*** Opening Working data ***

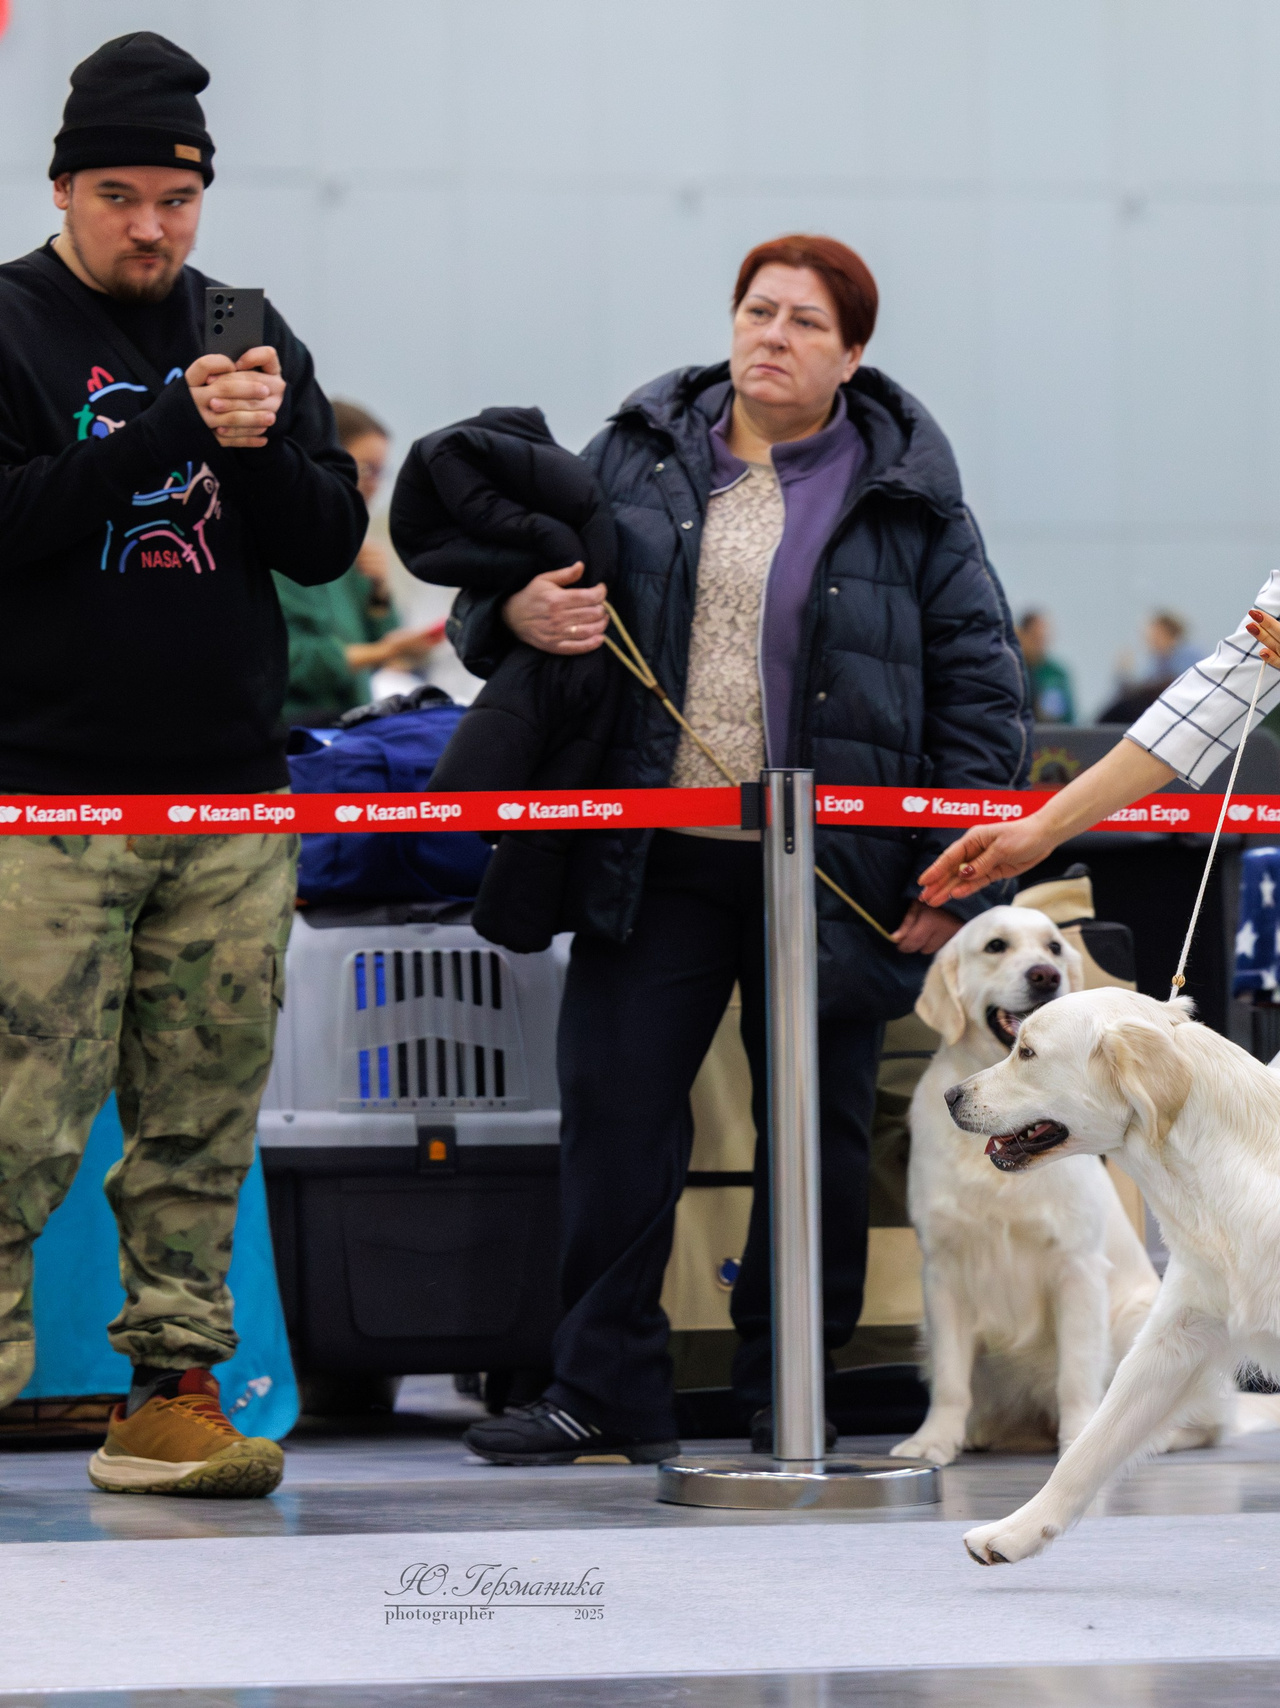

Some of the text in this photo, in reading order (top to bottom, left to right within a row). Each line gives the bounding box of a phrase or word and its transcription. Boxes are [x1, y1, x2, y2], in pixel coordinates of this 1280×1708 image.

[141, 551, 182, 568] NASA
[26, 804, 123, 826] Kazan Expo
[200, 803, 296, 825] Kazan Expo
[367, 801, 462, 823] Kazan Expo
[529, 799, 624, 821] Kazan Expo
[824, 795, 864, 814] Expo
[931, 797, 1023, 818] Kazan Expo
[1103, 804, 1190, 826] azan Expo

*** Closing Working data ***

About this task:
Without the pictures, write out every entry exactly as it appears.

Response area:
Some of the text in this photo, in reading order (top to bottom, left to right within a row). Each line gives the bounding box of a phrase or word and its transcription. Boxes are [x1, y1, x2, y2], in pixel coordinates of this 1280×1708 image.

[141, 551, 182, 568] NASA
[26, 804, 123, 826] Kazan Expo
[200, 803, 296, 825] Kazan Expo
[367, 801, 462, 823] Kazan Expo
[529, 799, 624, 821] Kazan Expo
[824, 795, 864, 814] Expo
[931, 797, 1023, 818] Kazan Expo
[1103, 804, 1190, 826] azan Expo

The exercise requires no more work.